Collected data entries

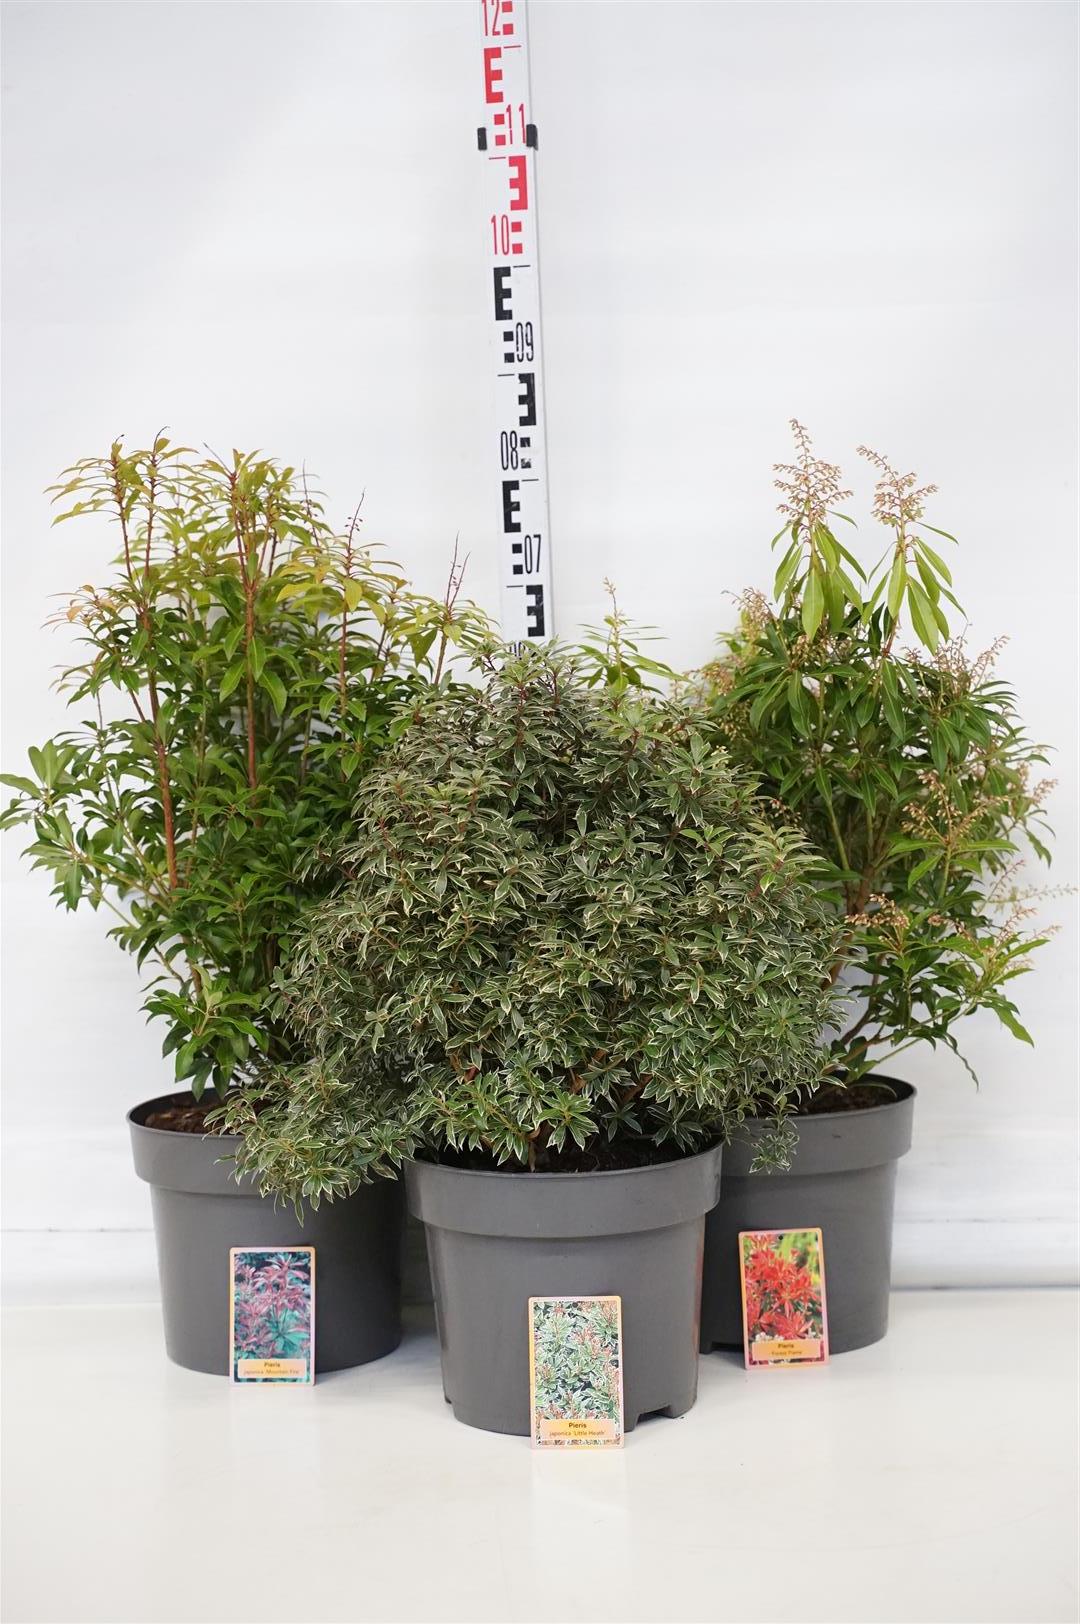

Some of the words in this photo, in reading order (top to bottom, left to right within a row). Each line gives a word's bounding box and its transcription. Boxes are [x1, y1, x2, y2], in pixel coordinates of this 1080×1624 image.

[481, 0, 500, 36] 12
[506, 103, 527, 145] 11
[490, 214, 510, 256] 10
[515, 321, 535, 363] 09
[500, 430, 519, 471] 08
[524, 533, 542, 574] 07

* _Aim of the task_: Could you copy each line above exactly as written, minus any pictures?

* _Result for this exercise_:
Some of the words in this photo, in reading order (top to bottom, left to right within a row). Each line gives a word's bounding box and its transcription. Boxes are [x1, y1, x2, y2], in pixel coordinates of this 1080×1624 image.

[481, 0, 500, 36] 12
[506, 103, 527, 145] 11
[490, 214, 510, 256] 10
[515, 321, 535, 363] 09
[500, 430, 519, 471] 08
[524, 533, 542, 574] 07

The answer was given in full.